Proposition 3.22 An extension (17) splits if $N$ is complete. In fact, $G$ is then direct product of $N$ with the centralizer of $N$ in $G$.

I believe (17) refers to

$$1 \rightarrow N \rightarrow Q \rightarrow Q/N \rightarrow 1,$$

where $N$ is a subgroup of $Q$ of order $4$.

How can we speak of the $N$ in $G$ if I don't know what $G$ looks like? And why does $Q = C_G(N)$? How do I know that $C_G(N)$ is the quaternion group? And why does $G = NQ$? I thought $G$ being the direct product of $N$ and $Q$ meant $G = N \times Q$? It is as though the author is treating $Q$ and $N$ as subgroups of $G$ (whatever $G$ is suppose to be).

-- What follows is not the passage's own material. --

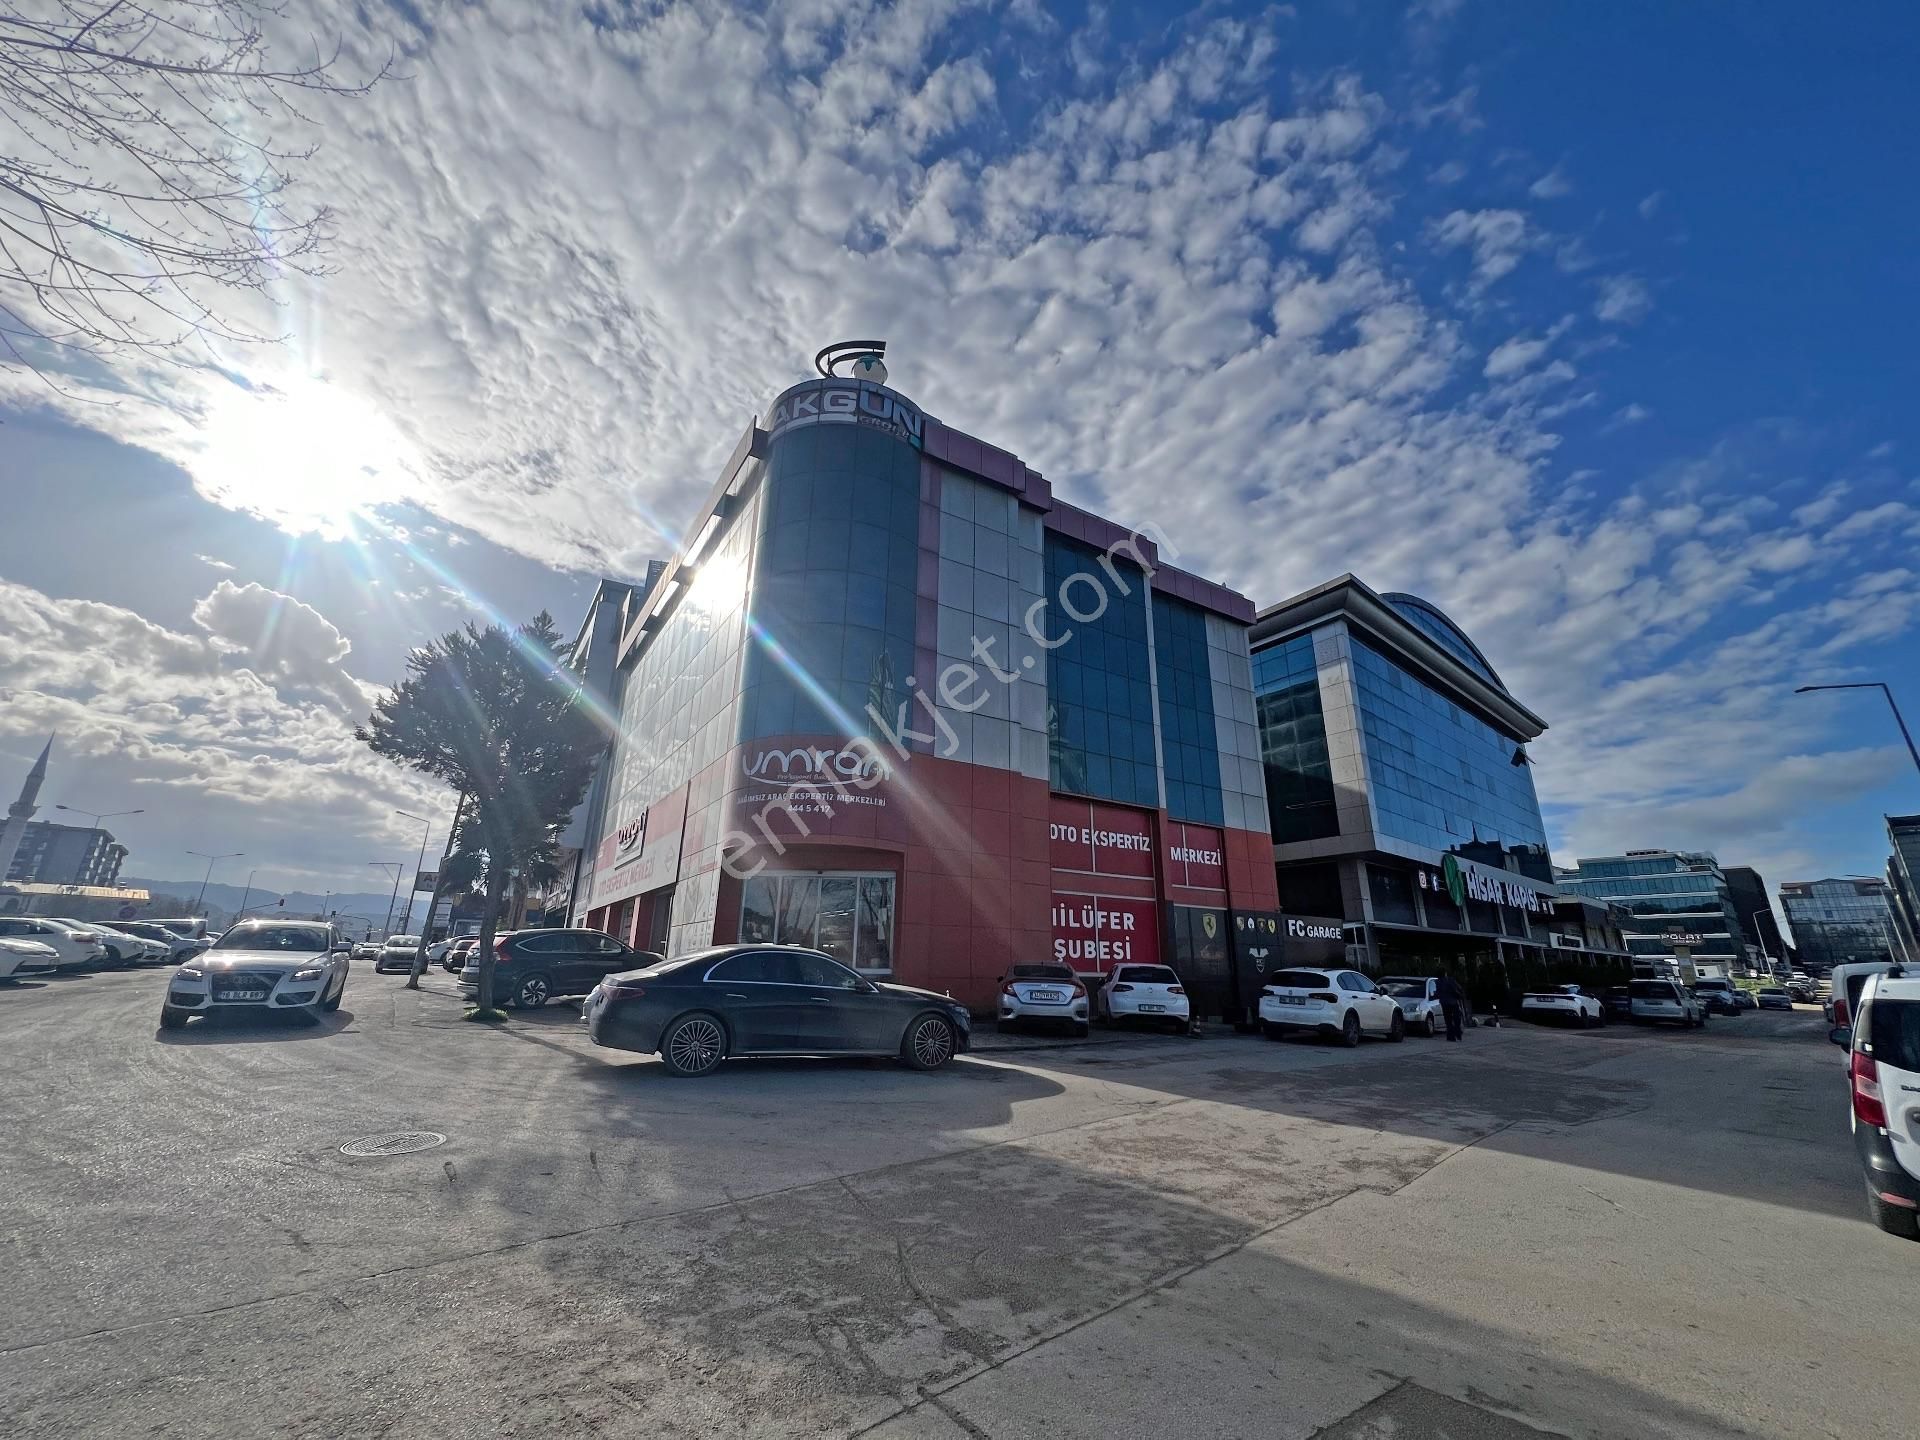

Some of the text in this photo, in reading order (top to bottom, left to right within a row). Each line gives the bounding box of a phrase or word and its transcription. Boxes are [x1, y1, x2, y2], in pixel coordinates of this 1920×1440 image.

EDIT (1): Perhaps the author mistakenly wrote a reference to (17). Perhaps he meant to reference (16), which is

$$1 \rightarrow N \overset{\iota}{\rightarrow} G \overset{\pi}{\rightarrow} Q \rightarrow 1$$

EDIT (2): Okay. So is this what the proposition is actually saying: If $N$ is a normal subgroup of $G$ that is complete, then exact sequence

$$1 \rightarrow N \overset{\iota}{\rightarrow} G \overset{\pi}{\rightarrow} C_G(N) \rightarrow 1$$

is a split sequence, where $\iota : N \to G$ is $\iota (n) = n$ and $\pi : G \to C_G(N)$ is some surjective homomorphism such that $\ker \pi = \iota (N) = N$?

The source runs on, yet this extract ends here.